2. You don’t have to have a desk!
I downgraded to a small table two years. Last year, I skipped it all together next year and just used my small groups table when I’m on my laptop or doing paperwork. This keeps me organized because I don’t have places for stuff to pile up. I also think it makes me much more approachable when I’m in my office without a big crazy desk between me and whoever walks in. You actually don’t really have to have anything. Lots of counselors swear by lamps instead of overhead lights – this makes me sleepy and I love overhead lighting (though I do put filters on them). Lots of counselors love their white noise and Pandora – I personally avoid them after a trauma training I went to said they can easily dysregulate people still experiencing trauma symptoms.

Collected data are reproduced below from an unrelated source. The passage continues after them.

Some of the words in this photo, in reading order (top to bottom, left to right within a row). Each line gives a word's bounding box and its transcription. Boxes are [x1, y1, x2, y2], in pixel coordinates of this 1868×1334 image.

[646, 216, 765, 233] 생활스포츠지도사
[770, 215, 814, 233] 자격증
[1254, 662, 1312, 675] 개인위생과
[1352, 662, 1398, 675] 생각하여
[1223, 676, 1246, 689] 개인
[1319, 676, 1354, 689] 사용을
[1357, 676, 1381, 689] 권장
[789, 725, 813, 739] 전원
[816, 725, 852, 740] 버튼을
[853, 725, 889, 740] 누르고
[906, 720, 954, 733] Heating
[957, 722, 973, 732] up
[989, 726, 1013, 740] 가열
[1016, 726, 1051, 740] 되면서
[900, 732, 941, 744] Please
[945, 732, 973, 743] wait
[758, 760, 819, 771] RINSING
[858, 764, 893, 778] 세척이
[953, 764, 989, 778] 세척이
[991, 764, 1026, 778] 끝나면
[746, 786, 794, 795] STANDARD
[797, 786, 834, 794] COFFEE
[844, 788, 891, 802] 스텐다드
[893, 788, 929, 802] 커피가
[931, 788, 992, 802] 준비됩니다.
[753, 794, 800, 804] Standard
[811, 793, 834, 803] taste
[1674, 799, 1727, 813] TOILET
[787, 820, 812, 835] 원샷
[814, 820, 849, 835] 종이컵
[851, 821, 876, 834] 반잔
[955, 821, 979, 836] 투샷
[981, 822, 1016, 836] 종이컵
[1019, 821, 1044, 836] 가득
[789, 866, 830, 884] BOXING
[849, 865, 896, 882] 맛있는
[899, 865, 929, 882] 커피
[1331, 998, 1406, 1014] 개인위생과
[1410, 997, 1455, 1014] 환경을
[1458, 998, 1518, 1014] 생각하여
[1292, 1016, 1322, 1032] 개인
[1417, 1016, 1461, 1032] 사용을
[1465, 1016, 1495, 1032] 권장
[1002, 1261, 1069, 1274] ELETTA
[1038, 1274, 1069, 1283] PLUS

3. Functional decor is the best.
My first couple years I accepted all the hand me downs and bought all the cheap Target back to school character posters. I didn’t love any of it but I felt like I had to have something up everywhere. Then and I learned that less is more. And that’s a good thing because unless you have a classroom, wall space is limited. Too much stuff on the walls is overwhelming (which is the last thing a dysregulated kiddo or teacher needs). I try to make sure the stuff on my walls is either awesome and makes me super happy or it serves a purpose. Feelings posters rock! I made my own with clipart but used to have the “hand drawn kids” ones you can find on Amazon (affiliate link). I had one of “what’s behind your anger” posters too.

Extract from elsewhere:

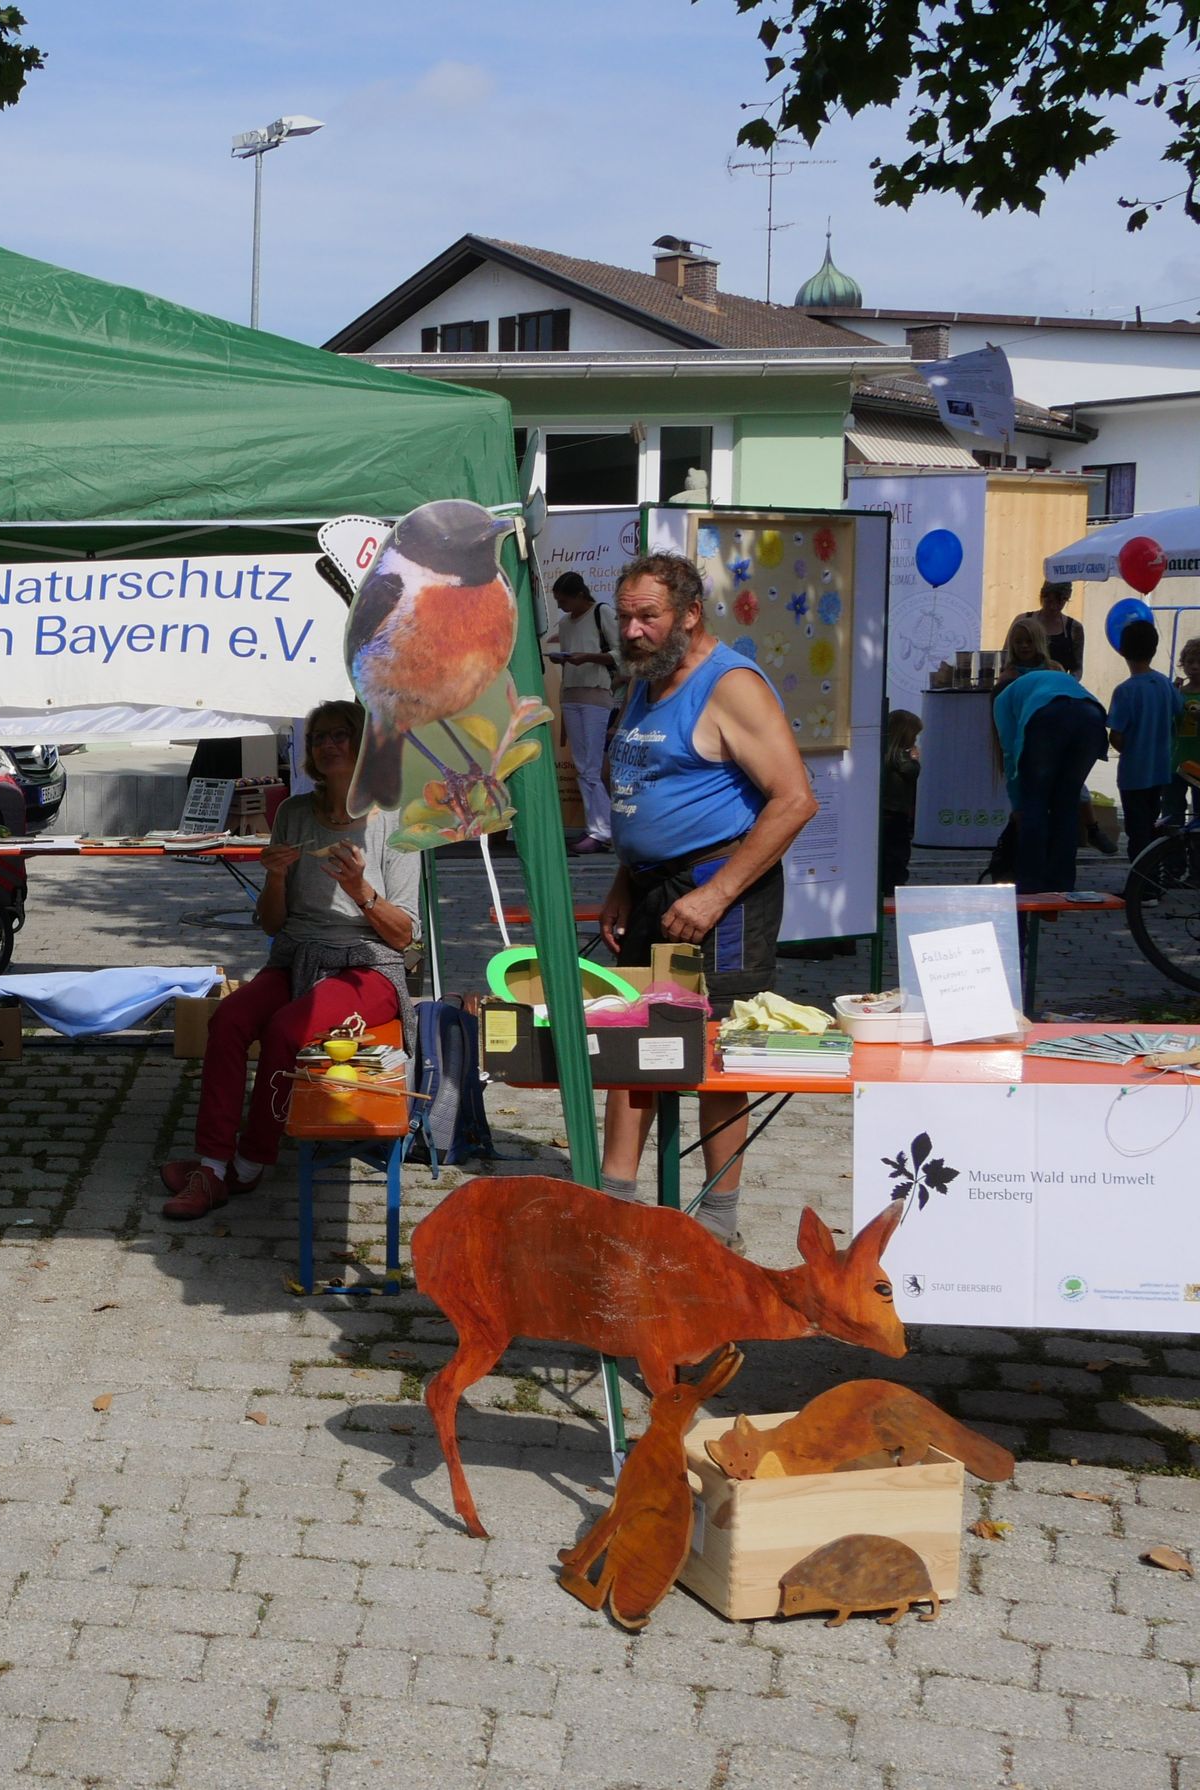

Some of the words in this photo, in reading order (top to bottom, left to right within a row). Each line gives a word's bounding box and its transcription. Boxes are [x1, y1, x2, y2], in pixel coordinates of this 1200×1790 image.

4. Comfort is key. Get the good chairs.
My circle chairs and bean bag chairs were a little splurge because they were bought from my own money but totally worth it. Sometimes teachers like to come sit in the circle chairs as well, and I’ve been known to use some of the comfy seating myself to decompress before I leave. Comfort to me also means that my space shouldn’t be sensory overload, so I try not to put too much on my walls or have too many colors.
5. Focus on organization.
I am way more effective and get way more done when I’m organized. If you don’t see it and/or if it’s not easily accessible, you won’t use it. This goes for games, toys, books, and important paperwork you’re supposed to complete. Consider prioritizing your organization over your aesthetics. Create systems for all the different kinds of “papers” you’ll have: copy paper, referrals, lesson plans, RTII stuff, behavior plan copies, the list goes on. Where will you store papers for ongoing individual students (workbooks, drawings, etc.)? Will you have a place to put “outgoing” papers (meeting note reminders for parents, copies of meeting notes for teachers, etc.)? Where do materials for classroom lessons go when you’re done with them? Make a plan! Chances are the plan is going to change, but you’ll still have a more successful year if you make sure your space is set up for efficiency. I am less than a month away from setting up my third school counseling office and all of this is so good to have fresh in my mind!